The Francis Crick Medal and Lecture is a prize lecture of the Royal Society established in 2003 with an endowment from Sydney Brenner, the late Francis Crick's close friend and former colleague. It is delivered annually in biology, particularly the areas which Francis Crick worked (genetics, molecular biology and neurobiology), and also to theoretical work. The medal is also intended for young scientists, i.e. under 40, or at career stage corresponding to being under 40 should their career have been interrupted.

==List of lectures==
Laureates include:

- 2026 Thi Hoang Duong (Kelly) Nguyen for ground-breaking discoveries into the molecular mechanisms of telomere maintenance.

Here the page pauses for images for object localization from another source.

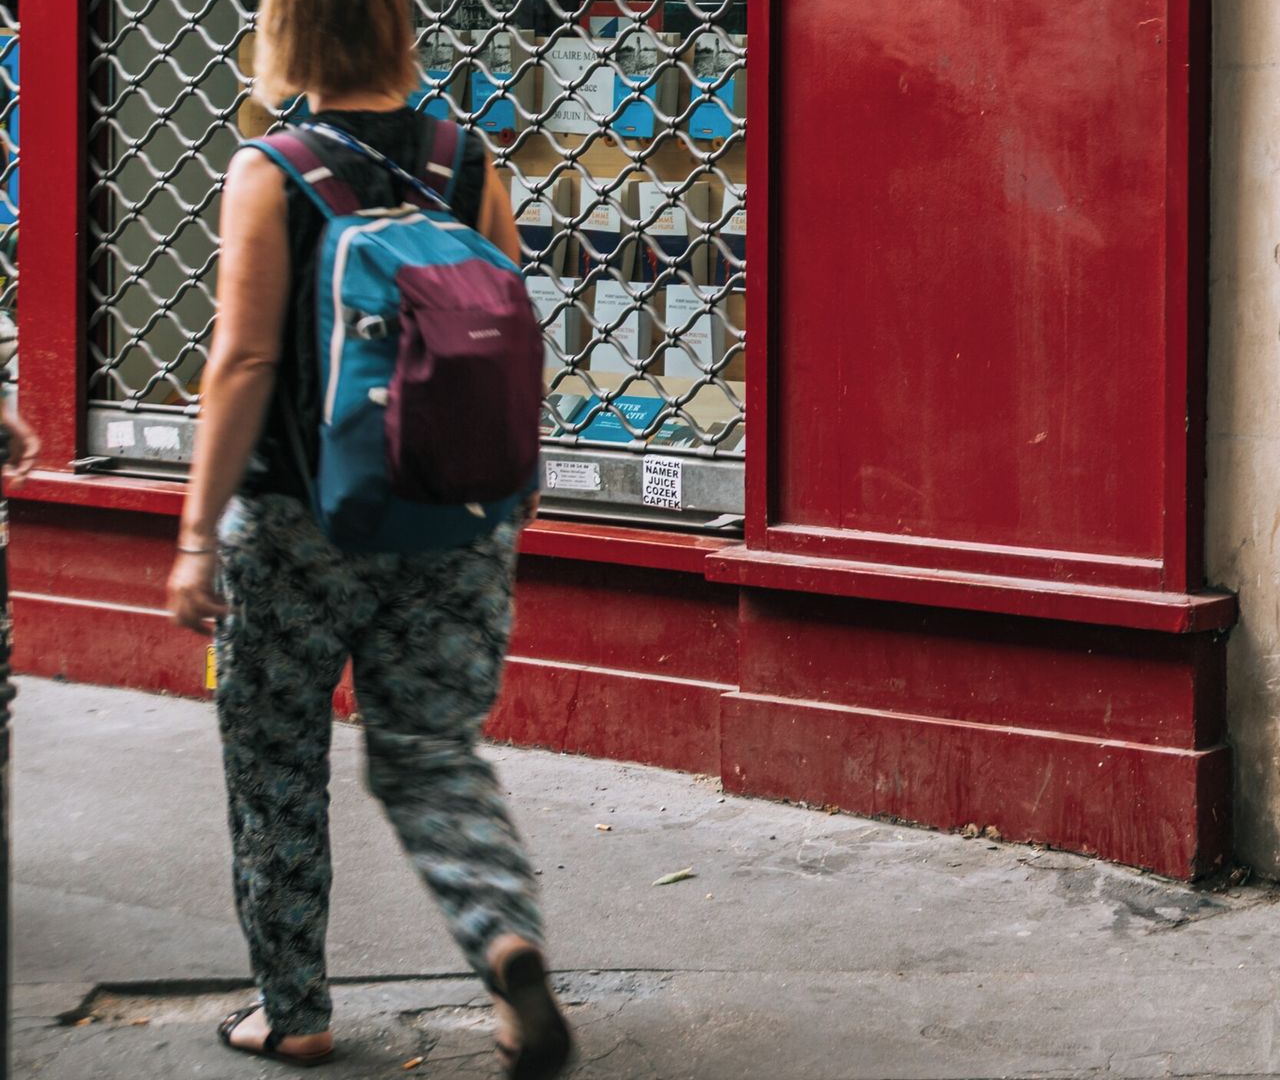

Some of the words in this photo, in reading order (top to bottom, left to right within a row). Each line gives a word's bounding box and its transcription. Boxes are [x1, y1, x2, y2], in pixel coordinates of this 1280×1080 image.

[551, 50, 582, 62] CLAIRE
[645, 467, 679, 479] NAMER
[648, 476, 676, 489] JUICE
[645, 485, 678, 499] COZEK
[643, 495, 681, 510] CAPTEK
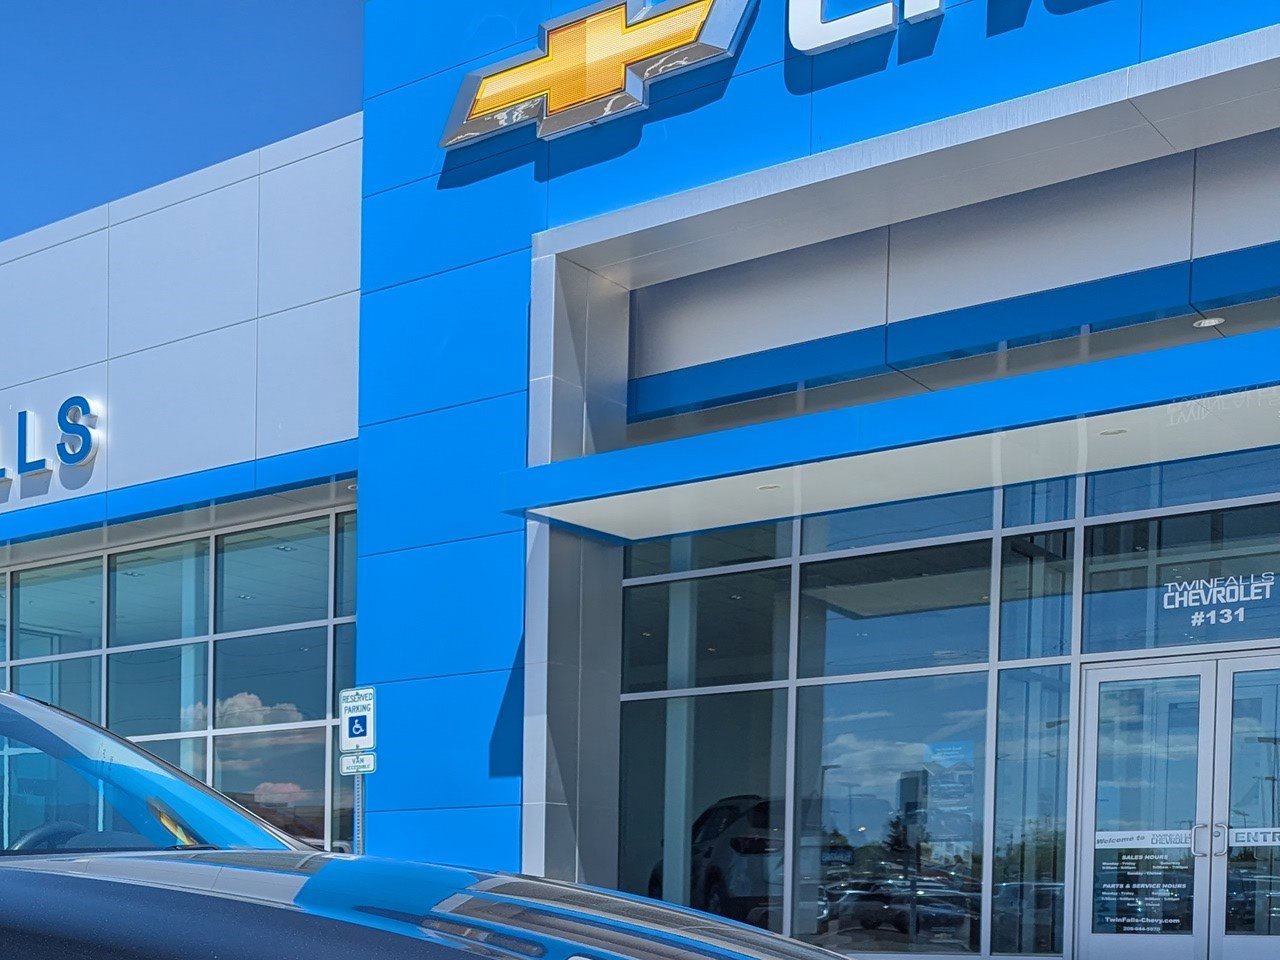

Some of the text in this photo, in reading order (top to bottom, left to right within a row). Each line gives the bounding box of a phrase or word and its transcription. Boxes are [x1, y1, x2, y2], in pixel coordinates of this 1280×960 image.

[1163, 582, 1275, 609] CHEVROLET
[1191, 607, 1245, 627] #131
[342, 693, 373, 704] RESERVED
[344, 704, 371, 714] PARKING
[1096, 836, 1134, 845] Welcome
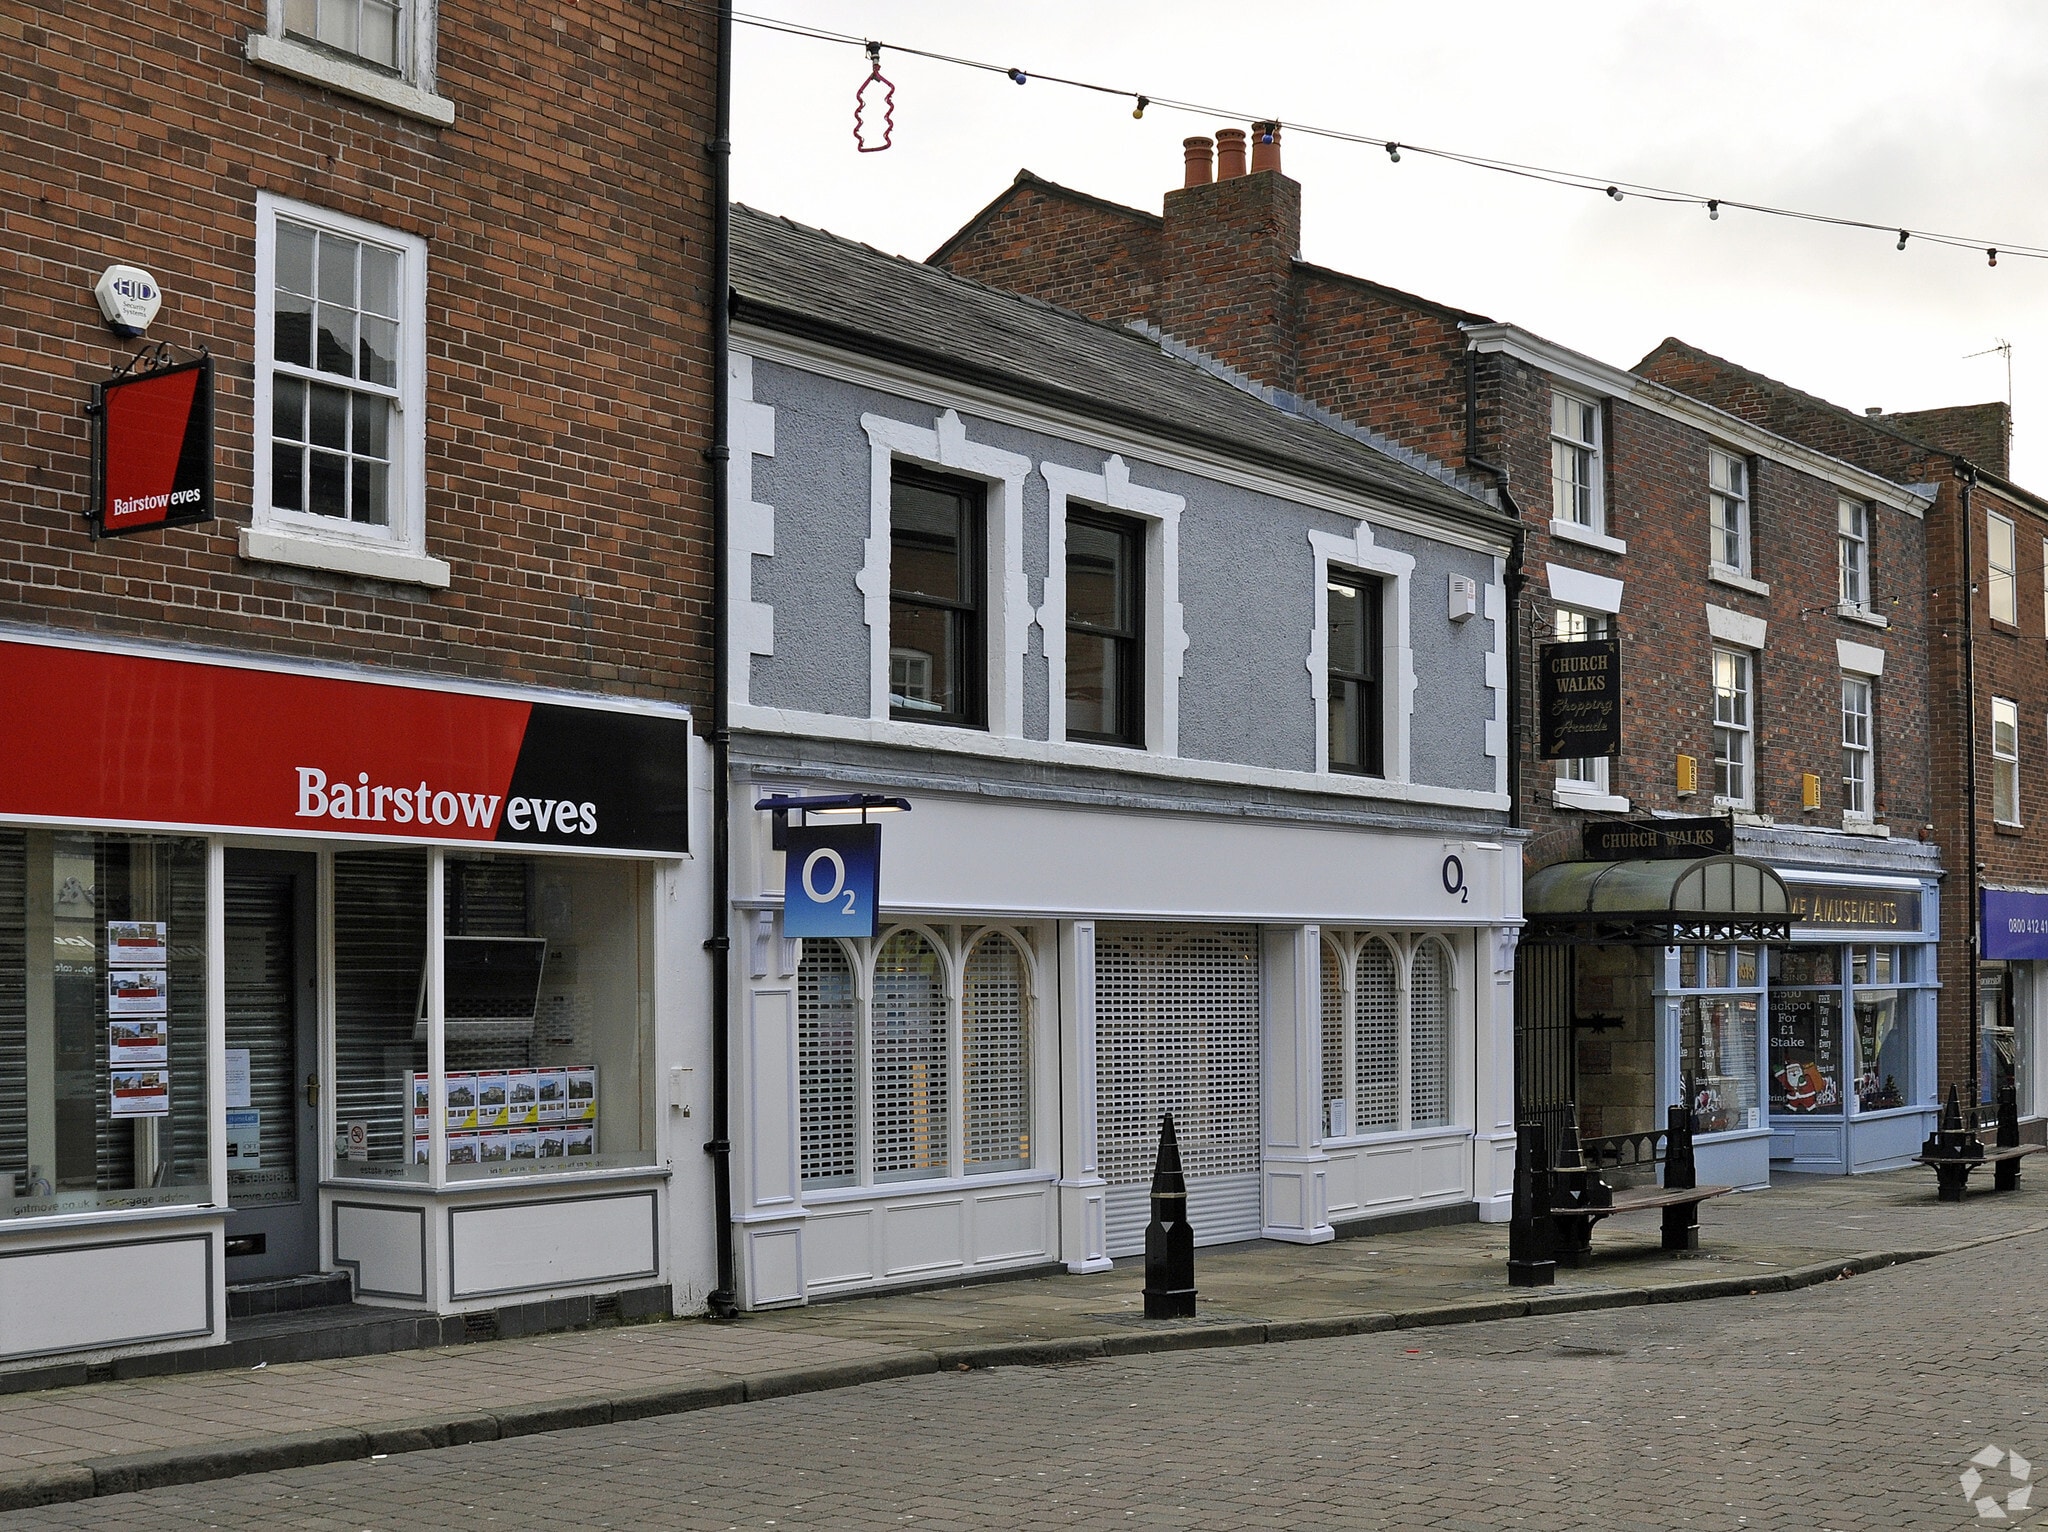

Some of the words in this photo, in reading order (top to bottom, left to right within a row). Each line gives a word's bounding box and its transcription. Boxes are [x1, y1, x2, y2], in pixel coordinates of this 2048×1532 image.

[123, 301, 146, 312] Security
[123, 308, 147, 318] Systems
[113, 493, 170, 516] Bairstow
[171, 488, 201, 505] eves
[1551, 655, 1608, 673] CHURCH
[1556, 675, 1606, 693] WALKS
[1552, 698, 1613, 717] Shopping
[1554, 720, 1608, 738] Arcade
[295, 766, 501, 828] Bairstow
[507, 796, 598, 835] eves
[1602, 832, 1657, 849] CHURCH
[1665, 829, 1714, 847] WALKS
[2008, 918, 2026, 934] 0800
[2026, 919, 2040, 934] 412
[1778, 1013, 1797, 1023] For
[1780, 1025, 1794, 1036] £1
[1820, 1028, 1829, 1038] Day
[1701, 1036, 1713, 1047] Day
[1770, 1037, 1805, 1048] Stake
[1818, 1039, 1831, 1050] Every
[1699, 1048, 1716, 1060] Every
[1820, 1050, 1830, 1060] Day
[1701, 1060, 1713, 1072] Day

- 2025 Kayla C. King for contributions to the fields of evolutionary biology and genetics of infectious disease
- 2024 Sam Behjati for fundamental discoveries into the developmental roots of childhood cancer
- 2023 Stephen Fleming for tackling foundational questions about the neurobiology of conscious experience and advancing our understanding of the neural and computational basis of metacognition
- 2022 Tiago Branco for making fundamental advances in the molecular, cellular and circuit bases of neuronal computation and for successfully linking these to animal decision behaviour
- 2021 Serena Nik-Zainal for enormous contributions to understanding the aetiology of cancers by her analyses of mutation signatures in cancer genomes, which is now being applied to cancer therapy
- 2020 Marta Zlatic for discovering how neural circuits generate behaviour by developing and disseminating definitive techniques, and by discovering fundamental principles governing circuit development and function
- 2019 Gregory Jefferis for his fundamental discoveries concerning the development and functional logic of sensory information processing
- 2018 Miratul Muqit in recognition of his research on cell signalling linked to neurodegeneration in Parkinson’s disease
- 2017 Simon Myers for transforming our understanding of meiotic recombination and of human population history.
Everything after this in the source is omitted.